Wednesday, 6 July 2011

NHS Sheffield responses to questions put at the 5th July Public Meeting

NHS Sheffield offers the public the opportunity to ask questions of the Board at its public meetings.  To celebrate the 63rd birthday of the NHS we posed three sets of questions particularly around what the NHS might look like in 2013 when it reaches 65.  The Chair of the PCT was anxious to assure us that they were working hard to ensure that they achieve the best handover possible.
 
The PCT meeting itself was a long one because of the care homes issue so we only got to ask verbally the first of our questions about the reforms - but we were assured we will get written answers to the questions about patient involvement and privatisation and we had brief but friendly conversations with some PCT directors before the private part of their meeting began.  

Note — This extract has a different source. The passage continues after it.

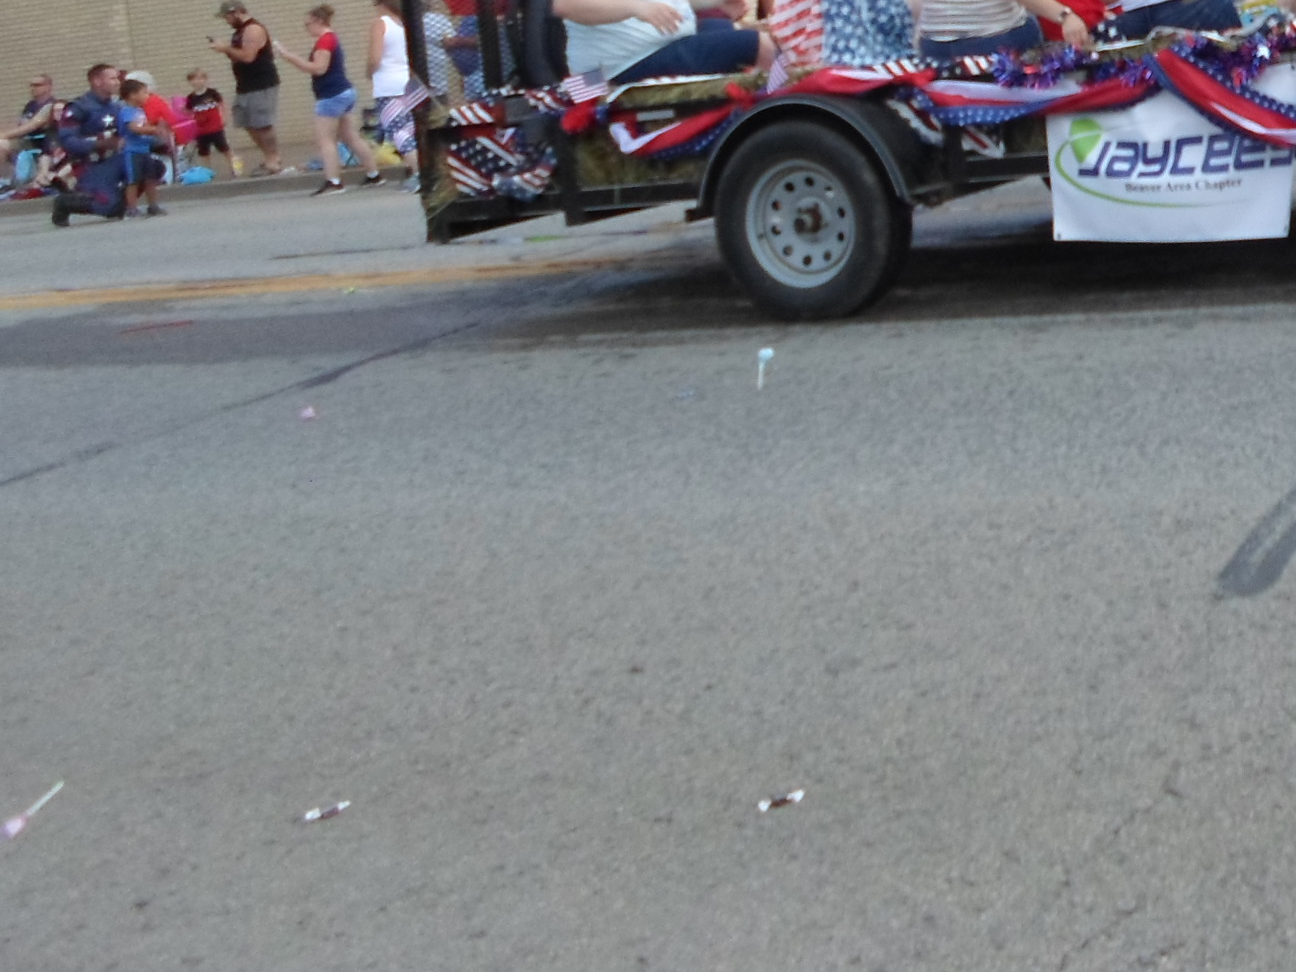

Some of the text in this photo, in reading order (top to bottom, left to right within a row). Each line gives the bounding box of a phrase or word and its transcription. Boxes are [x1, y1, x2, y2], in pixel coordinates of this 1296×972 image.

[1124, 177, 1243, 193] Beaver Area Chapter

The question we did ask centered around what the local NHS structure might look like under the amended Bill (part of the question about additional costs will be answered separately as well). 
 
As had been said earlier in the meeting, the situation changes week by week if not day by day and David Nicholson, the head of the NHS, will be making a key speech on Friday.  Some of the national information plus a minor leak is at http://www.guardian.co.uk/society/2011/jul/05/leaked-paper-nhs-commissioning-board
 
We were told that the government does appear to have rowed back from its original intention to place the support organanisations for commissioning into a market.  The Guardian article above refers to quite a large NHS commissioning Board at national level, with, presumably, local outposts.  As of this week there will now be four Strategic Health Authorities (divisions not yet decided) plus, I think, London. To these will report a number of PCT clusters  but these will not necessarily by the same as the ones which have just been developed (ours is currently South Yorks + Bassetlaw).  The clusters will have clinical commissioning groups , one for each local authority area (to fit in with the new health and wellbeing boards) and GP consortia will be represented on these - along with the other reps added under the Bill amendments.  Associated somehow with these groups will be the specialised regional networks (like the cancer network) which Lansley originally wanted to abolish.  Also somehow associated will be the amendments' new construction of a 'clinical senate'.
 
Commissioning will be supported by a Community Support Services organisation with Community Support Units covering populations of around 1.5 - 2 million (? the size of a cluster?).  The government's original intention was to put this out to tender but it now seems possible that this will not happen and the new organisations seem likely to be formed out of existing staff (for my comment see below.)  
 
The 4 current consortia in Sheffield will work together and possibly move to forming one organisation but with a strong local service focus.  Although GPs will have the key involvement in commissioning, fewer of them will actually be involved directly than seemed likely under the original Bill.  More GPs in Sheffield are interested than there will be places, but others are getting put off as the bureaucratic implications become clearer. 
 
The issue of the transfer of public health to local government etc awaits further pronouncement later this month. 
 
The Bill's intention is that Clinical Commissioning Groups, once approved for competence by the National Commissioning Board, will be legal entities beginning from April 2013 when the PCTs will be abolished if the Bill becomes law.  The National Commissioning Board itself will be established as a Special Health Authority in October this year.  Clincial Commissioning groups will act as committees of the PCT Cluster Boards and operate as 'shadows' until they become legal.  The Chair of the PCT commented earlier in the meeting that 'there are many transitional arrangements and they are not 100% clean" i.e. clearly defined.
 
I will only make two comments:
 
1) What on earth has been the point?
 
2) The remarks about the move away from a market for support organisations may provide some reassurance, but the status of the organisations is unclear (Will they be NHS? How will staff be employed there? Will they have to wind up their jobs and re-apply to the new organisation?  Will they be TUPE'd.).  There still seems to be no absolute guarantee that private organisations will not be involved.